Lorsqu’un réseau de chaleur doit passer sur du domaine public routier, doit-il faire l’objet d’une enquête publique ?

Réponse du PCI Réseaux de Chaleur

publiée le 6 septembre 2010

En matière d’occupation du sol et du sous-sol, l’enquête publique ne concerne les canalisations de réseaux de chaleur que dans le cas où une déclaration d’intérêt général est recherchée. Une telle déclaration sera utile essentiellement dans les cas où il est nécessaire de traverser des terrains pour lesquels aucun accord amiable n’a pu être trouvé avec le propriétaire du domaine (public ou privé) concerné.

Dans les autres cas, et notamment une implantation sur domaine public à laquelle le gestionnaire du domaine n’est pas opposé, l’enquête publique n’est pas requise. Dans tous les cas, l’occupation du domaine public par les installations du réseau devra faire l’objet d’une autorisation de la part du gestionnaire du domaine public (permission de voirie dans le cadre des règles générales d’occupation du domaine public : autorisation précaire et révocable, le cas échéant perception d’une redevance d’occupation…). Si le domaine public est celui de la collectivité délégante, la convention de délégation du chauffage urbain peut utilement indiquer l’autorisation d’occupation, s’il s’agit du domaine public d’une autre collectivité, il convient d’obtenir une occupation du domaine public pour une durée identique à la convention de délégation.

L’article R113-10 du Code de la Voirie Routière indique que “l’occupation du domaine public routier par les canalisations de transport de chaleur est soumise aux dispositions des articles 32, 33 et 34 du décret n° 81-542 du 13 mai 1981”. L’article 32 du décret du 13 mai 1981 traite des effets de la déclaration d’intérêt général et permet donc d’identifier dans quelle mesure cette déclaration pourrait être recherchée par un demandeur : “La déclaration d’intérêt général confère au demandeur le droit d’exécuter sur et sous les domaines publics et leurs dépendances tous travaux nécessaires à l’établissement et à l’entretien des ouvrages de transport et de distribution d’énergie thermique en se conformant aux règlements de voirie et à toutes autres dispositions réglementaires en vigueur relatives aux occupations du domaine public.” La déclaration d’intérêt général vise donc à conférer au demandeur un droit de passage sur le domaine public, similaire à celui dont disposent par exemple les opérateurs de réseaux de communications électroniques.

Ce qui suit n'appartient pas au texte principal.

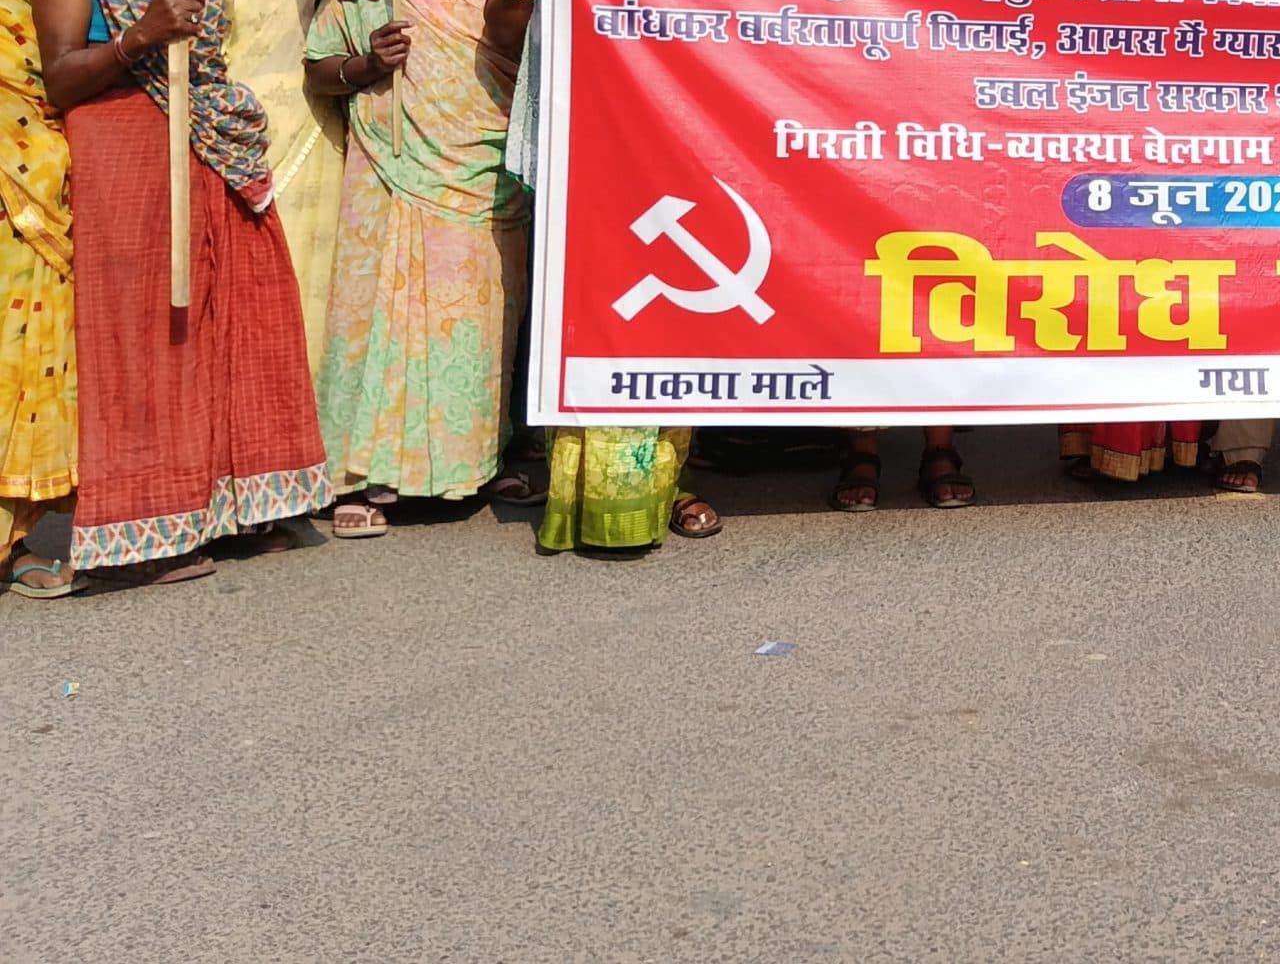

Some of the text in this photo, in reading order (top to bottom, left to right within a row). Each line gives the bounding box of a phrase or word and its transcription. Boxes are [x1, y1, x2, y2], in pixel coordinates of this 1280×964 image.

Ce droit de passage ne présente un intérêt que dans le cas où le gestionnaire du domaine public est a priori opposé à l’installation des ouvrages sur son domaine public. Par ailleurs, conformément à l’article 14 de la loi n°80-531 du 15 juillet 1980, l’acte portant déclaration d’intérêt général peut autoriser le transporteur ou le distributeur à présenter une demande tendant à l’établissement de servitudes. Ces servitudes ne présentent un intérêt que sur des domaines privés, pour lesquels aucun accord amiable n’a pu être trouvé.

Note : un réseau de chaleur peut également être soumis à enquête publique au titre du code de l’environnement, sous certaines conditions (ouvrage dont le coût est supérieur à 1,9 millions d’euros), mais ceci est indépendant des questions de domanialité. Par ailleurs, il est précisé que depuis la révision de la procédure de classement par la loi Grenelle 2 (article 85-II), l’enquête publique n’est plus nécessaire dans le cadre du classement d’un réseau ; le classement est par ailleurs indépendant de la déclaration d’intérêt général, qui n’en constitue pas une condition.